Atelier 801
- Type: Private
- Industry: Video games
- Founded: October 14, 2011; 14 years ago
- Founders: Jean-Baptiste Le Marchand; Mélanie Christin;
- Headquarters: Lille, France
- Number of employees: <50
- Website: atelier801.com

= Atelier 801 =

French video game developer

Atelier 801 is a French independent video game development company founded by Jean-Baptiste Le Marchand (Tigrounette) and Mélanie Christin (Melibellule). They are best known for developing Transformice, which as of 2020 has 105 million accounts.

==History==
===Early years (2011–2013)===
Transformice was the second game Le Marchand developed, after Extinction (permanently closed), a platform with three games, Aaaah!, Bouboum, and Forteresse. Transformice was a side-project of Christin, designer, and Le Marchand, developer. They posted Transformice on an online forum in 2010. The game quickly spread by word of mouth, and overwhelmed by the unexpected success of the game, they spent evenings and weekends to cope with the massive influx of players.

In 2011 they left their jobs at Ankama to start Atelier 801, allowing them to finally fulfill players' demand by working full time on the game and now employing ten extra people. Atelier 801 was hosted in one of the business incubators of the northern La Ruche network in Tourcoing until January 2013, when they moved to Lille. Between August 2012 and August 2013, Atelier 801 posted sales of $1.2 million.

They received, in 2013, the "Entrepreneur of the Year" prize by the local Nord area.
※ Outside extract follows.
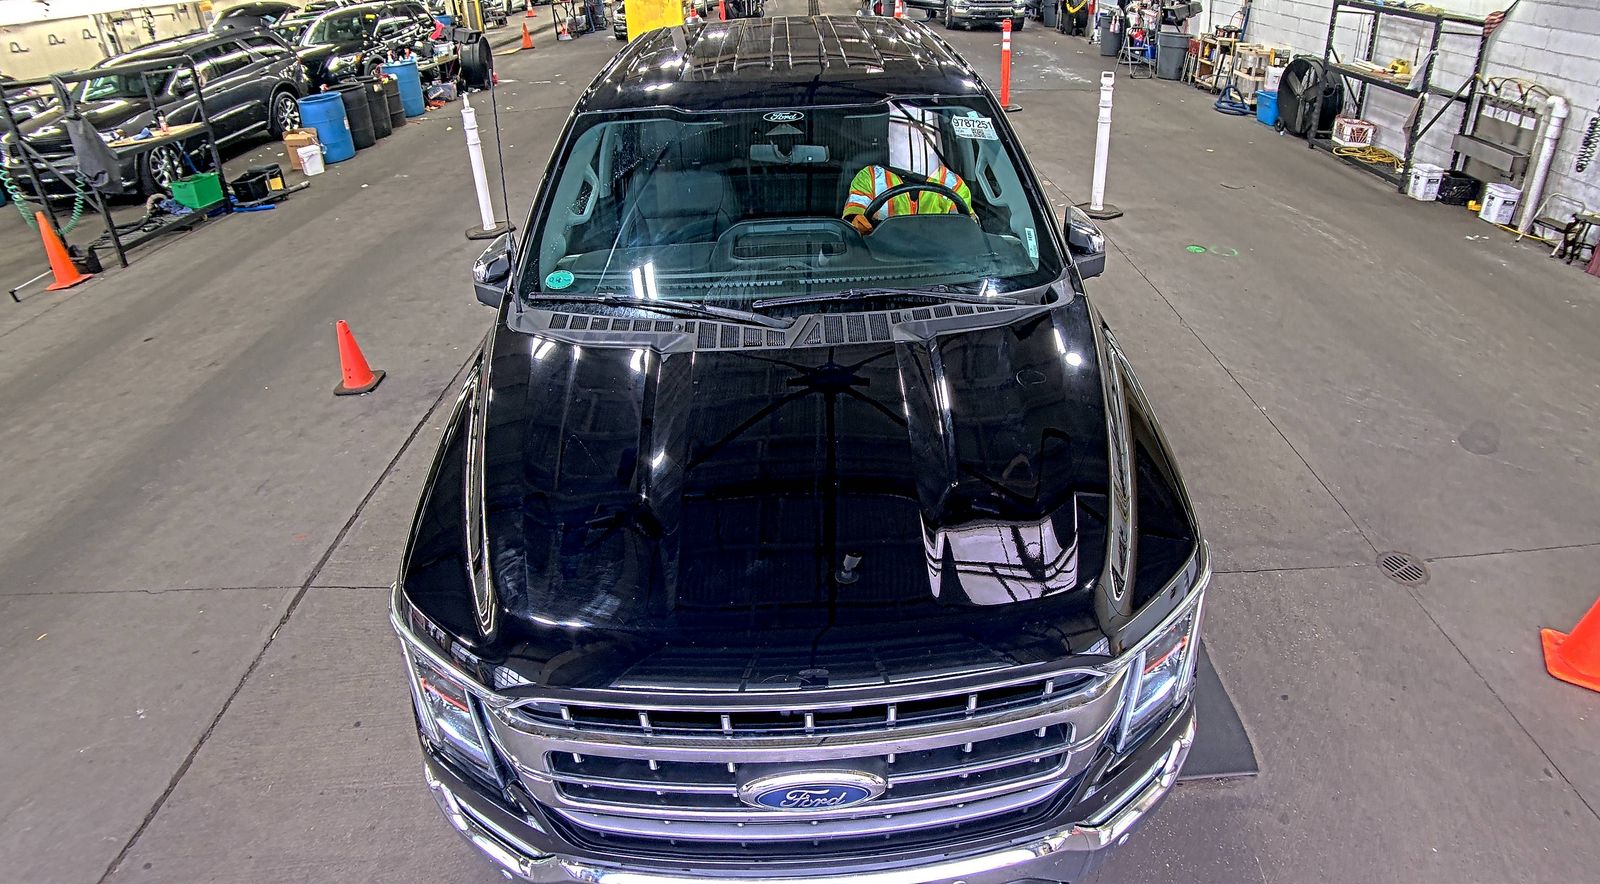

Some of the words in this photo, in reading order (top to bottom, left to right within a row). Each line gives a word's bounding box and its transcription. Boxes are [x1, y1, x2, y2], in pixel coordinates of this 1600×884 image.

Atelier 801 revived two of Le Marchand's games with Bouboum in 2013 and then Fortoresse a few months later. The year 2014 proved to be busy as they released Nekodancer, a massively multiplayer musical game, and then their first mobile game on iOS and Android called Run for Cheese, the first one set in the Transformice universe, in October 2014.

===2015–present===

In 2015, they co-produced Transformice: The Cartoon Series, an animated series set in the Transformice universe, with Cross River Productions and Believe Digital. They also began working on Dead Maze, a survival MMO set in a contemporary world, filled with zombies and crafting possibilities. It was released on Steam on 13 February 2018.

In May 2019, Atelier 801 launched a Kickstarter campaign for Transformice Adventures, another game set in the Transformice universe. The campaign was cancelled two weeks later, although the game is still in development. Eight employees were laid off. In July 2019, Antarès was released.

In 2021, the multiplayer platform game Tomb Rumble was released on Steam.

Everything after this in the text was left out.